__What you should do__
Write out every line below again exactly as it stands, skipping each image.

__Dataset extract__
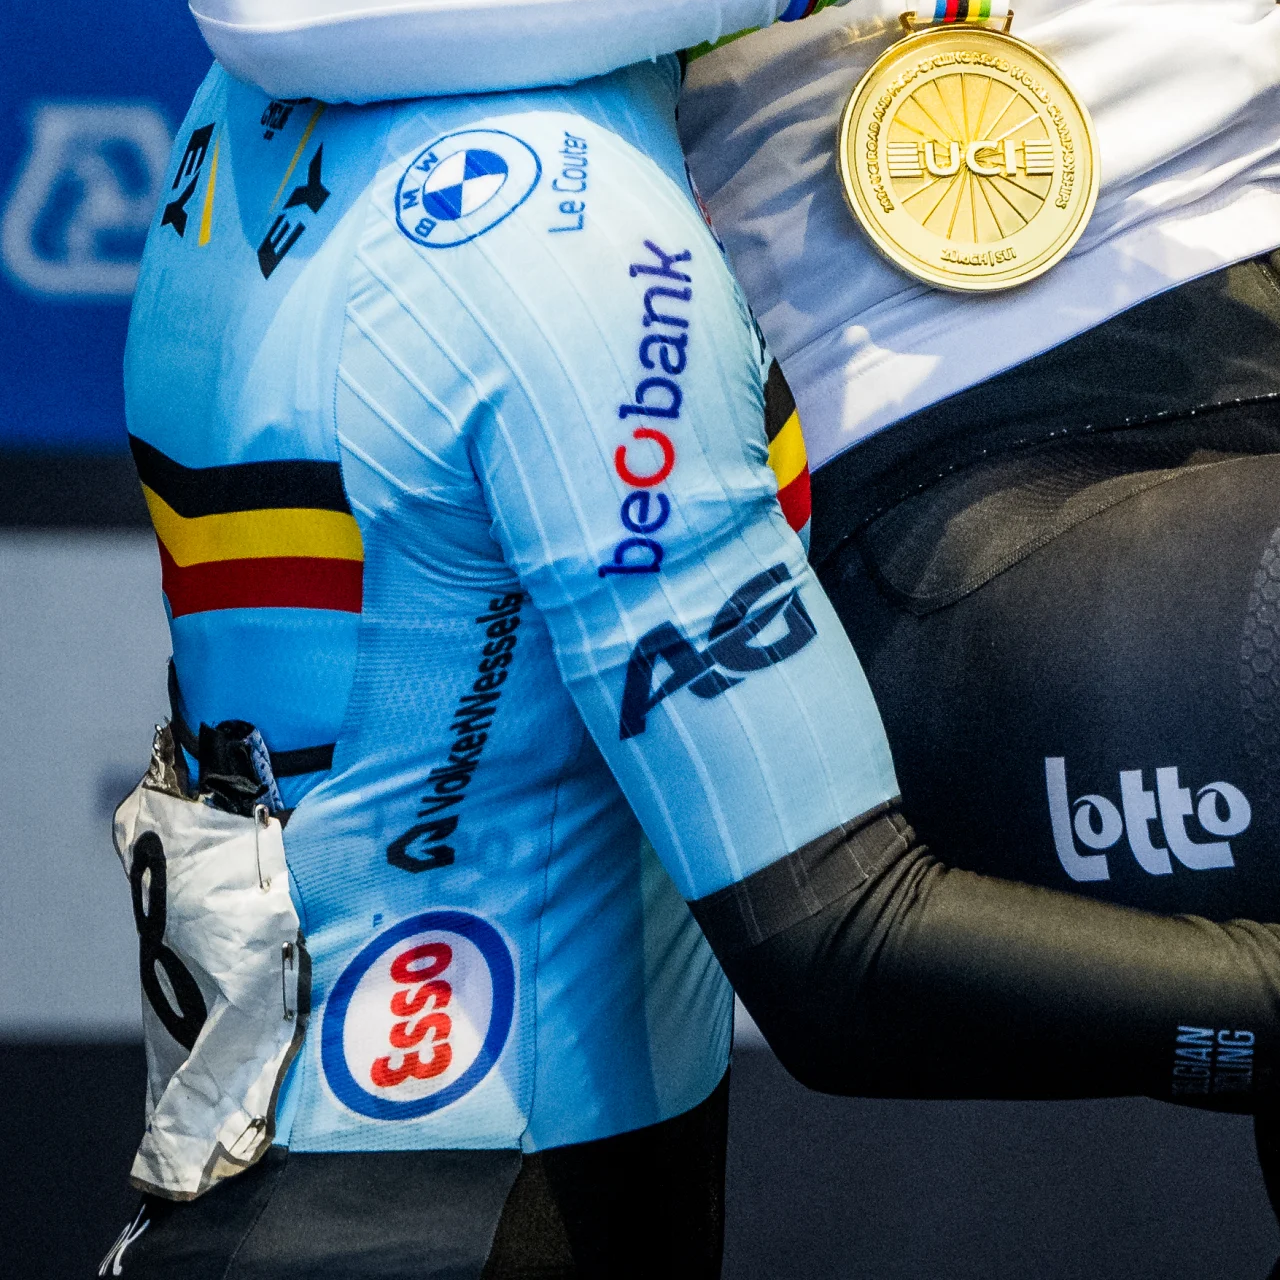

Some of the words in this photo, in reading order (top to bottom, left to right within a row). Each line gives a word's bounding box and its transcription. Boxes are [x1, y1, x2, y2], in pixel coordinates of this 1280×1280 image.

[872, 93, 894, 123] AND
[1010, 64, 1050, 105] WORLD
[160, 122, 216, 239] EY
[555, 130, 591, 196] Couter
[866, 121, 881, 161] ROAD
[924, 139, 1017, 178] UCI
[1046, 101, 1076, 210] CHAMPIONSHIPS
[257, 142, 331, 280] EY
[548, 200, 585, 234] Le
[600, 238, 694, 578] beobank
[422, 591, 525, 820] VolkerWessels
[618, 562, 818, 741] AG
[1044, 756, 1252, 882] lotto

__Finished task__
Some of the words in this photo, in reading order (top to bottom, left to right within a row). Each line gives a word's bounding box and its transcription. Boxes are [x1, y1, x2, y2], in pixel coordinates of this 1280×1280 image.

[872, 93, 894, 123] AND
[1010, 64, 1050, 105] WORLD
[160, 122, 216, 239] EY
[555, 130, 591, 196] Couter
[866, 121, 881, 161] ROAD
[924, 139, 1017, 178] UCI
[1046, 101, 1076, 210] CHAMPIONSHIPS
[257, 142, 331, 280] EY
[548, 200, 585, 234] Le
[600, 238, 694, 578] beobank
[422, 591, 525, 820] VolkerWessels
[618, 562, 818, 741] AG
[1044, 756, 1252, 882] lotto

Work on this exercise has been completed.